Thursday 24 March 2011

Launch of the Tokarska Gallery









Jonathan Evens and Henry Shelton attended the launch of the Tokarska Gallery tonight. The gallery is a vibrant, independent contemporary art space which is a quality addition to the E17 art map. The gallery will provide a platform for innovative British and international practice in traditional and new media.


The gallery has launched with Lost & Found: an exhibition of cityscapes exploring existential and psychological states in painting between abstraction and representation. This show presents works by Ukrainian-born artist and gallery founder Nadiya Pavliv-Tokarska, including her most recent paintings, depicting London’s metropolitan architecture as a starting point. She combines realist painting techniques (use of perspective, micro-detail and layered glazes) with a partial breakdown of the visual field that is both perceptual and metaphoric. Informed by Gerhard Richter’s “out of focus” blur and other disruptive devices, Pavliv-Tokarska’s painterly surfaces are fragmented in order to represent subjective positions from the meditative to the lucid dream.

“Through my work I try to communicate the idea of vulnerability, the fragility of human existence”, says Pavliv-Tokarska, a graduate of Middlesex University’s Fine Art programme. This philosophical attitude is nuanced by the artist’s active interest in quantum physics and neurology, particularly in terms of the physiology of emotions and the concept of a “collective consciousness.” Her works therefore deal with notions of connectivity, as well as reworking modernist painting’s early 20th-century concern with the “dissolving atom” in light of contemporary scientific developments.

According to James Little, managing director of the Screen Talent Agency, Shoreditch, “The London paintings… convey an unusual perspective and mood. Though obviously concerned with the works of man – architecture, buses, telephone kiosks and so on - actual people are only depicted as fleeting shadows,
if at all. They’re Hopper-like in some ways, though more abstract.”

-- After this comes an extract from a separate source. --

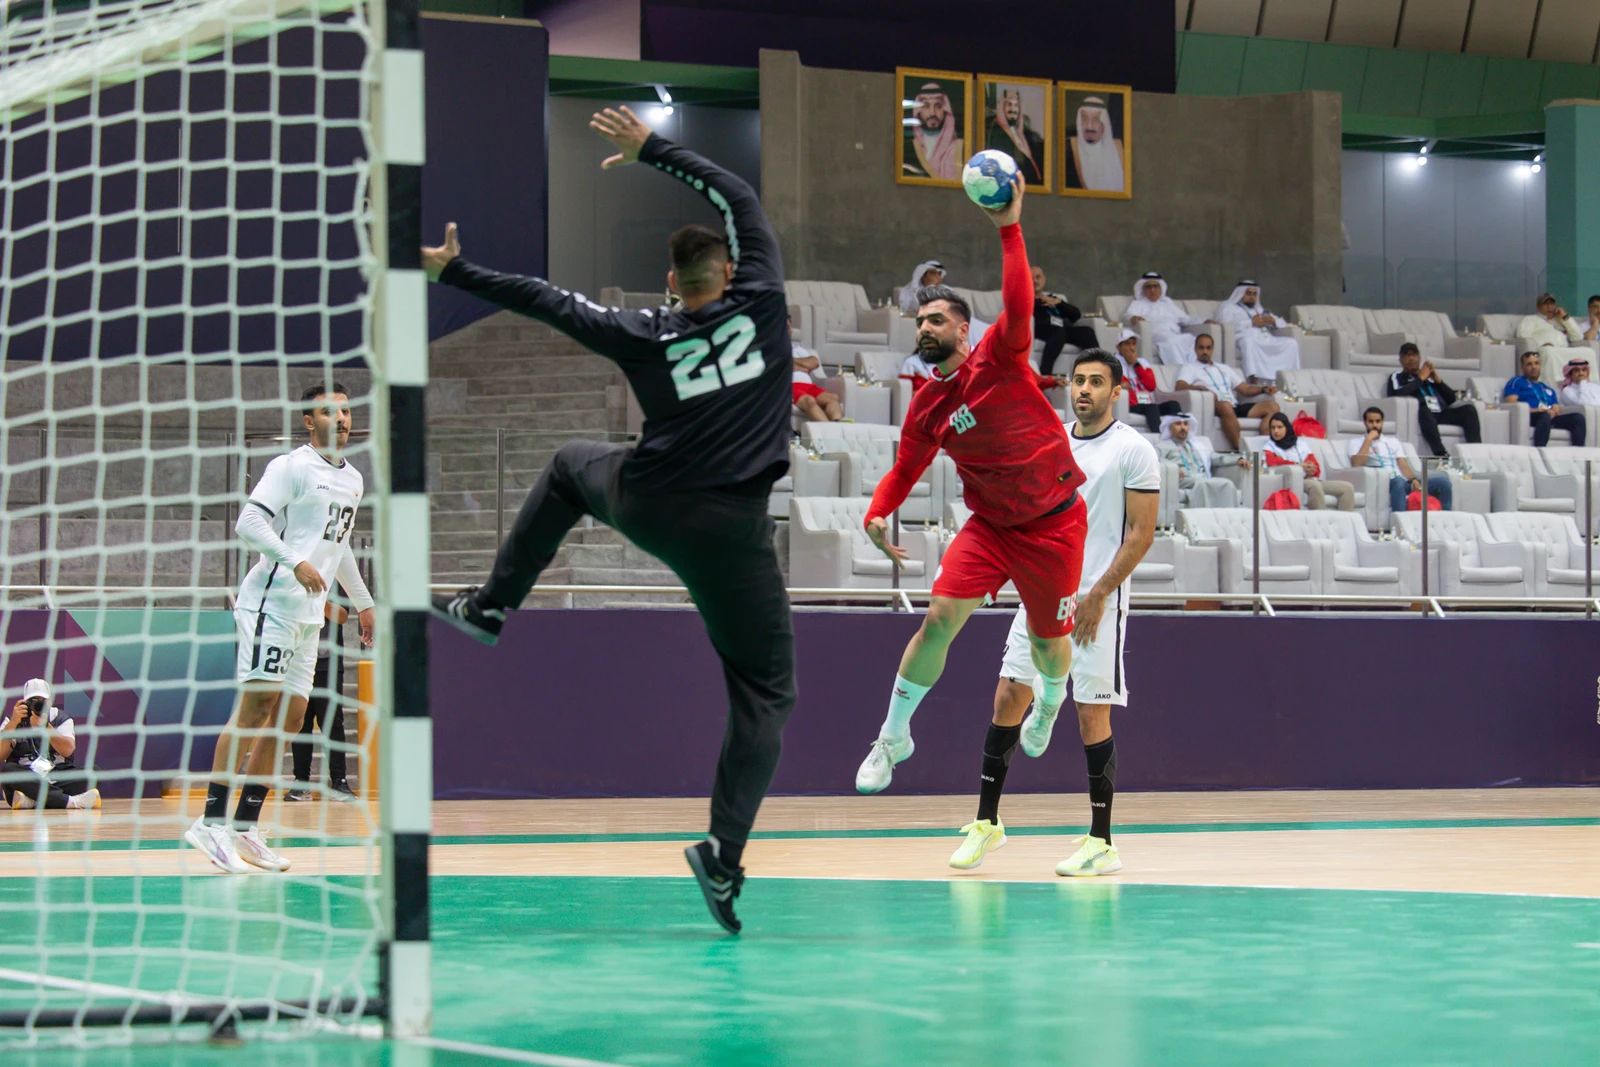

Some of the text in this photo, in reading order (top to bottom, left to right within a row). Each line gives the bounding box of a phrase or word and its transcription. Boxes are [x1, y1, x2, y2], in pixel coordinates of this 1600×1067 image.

The gallery launch featured a special preview of Lost & Found, accompanied by a live performance from Rome Pays Off, a North London band formed by members of the ambient instrumental group Rothko. The gallery is open to the public 31st March – 28th May, Thurs – Sat, 12 – 7pm or by appointment. Address 163 Forest Road, Walthamstow, London, E17 6HE. Nearest tube Blackhorse Road (Victoria line).